Problem> A faithful copy of the data is the goal; set it down exactly, without the images.

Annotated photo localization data
- - - -

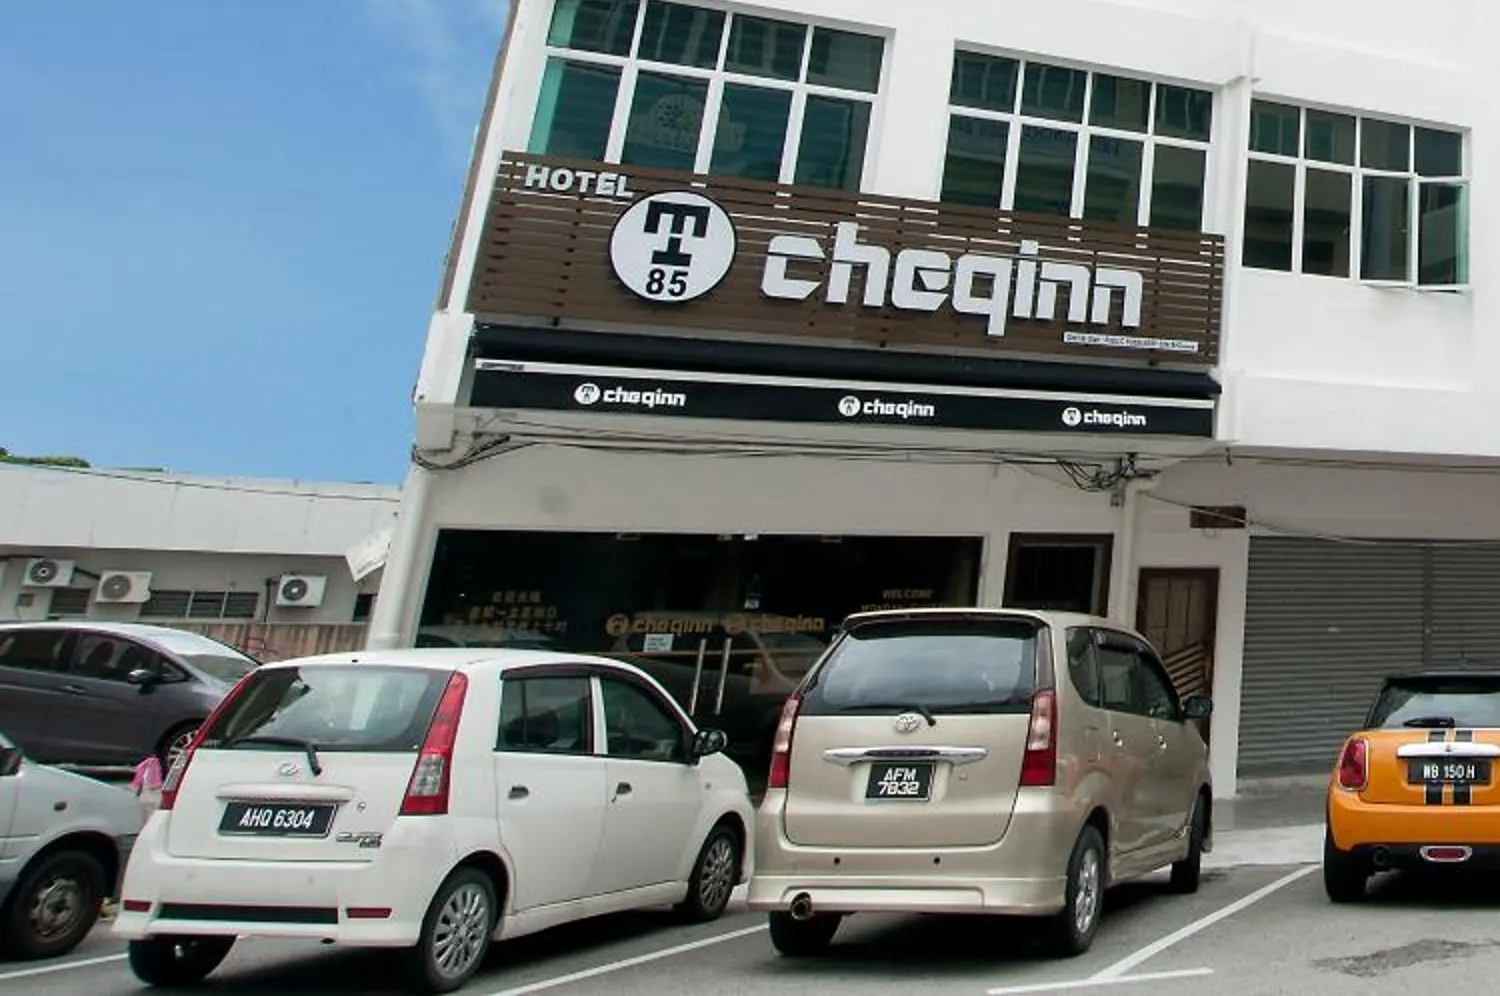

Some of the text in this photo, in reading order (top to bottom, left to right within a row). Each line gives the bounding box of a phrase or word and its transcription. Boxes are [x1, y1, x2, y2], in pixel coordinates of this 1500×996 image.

[523, 164, 636, 198] HOTEL
[644, 269, 688, 299] 85
[760, 222, 1142, 335] cheqinn
[603, 387, 686, 408] cheqinn
[863, 396, 935, 421] cheqinn
[1084, 407, 1147, 428] cheqinn
[884, 767, 917, 781] AFM
[1424, 764, 1439, 779] WB
[239, 808, 316, 829] AHQ 6304

- - - -

Solution>
Some of the text in this photo, in reading order (top to bottom, left to right within a row). Each line gives the bounding box of a phrase or word and its transcription. Boxes are [x1, y1, x2, y2], in pixel coordinates of this 1500×996 image.

[523, 164, 636, 198] HOTEL
[644, 269, 688, 299] 85
[760, 222, 1142, 335] cheqinn
[603, 387, 686, 408] cheqinn
[863, 396, 935, 421] cheqinn
[1084, 407, 1147, 428] cheqinn
[884, 767, 917, 781] AFM
[1424, 764, 1439, 779] WB
[239, 808, 316, 829] AHQ 6304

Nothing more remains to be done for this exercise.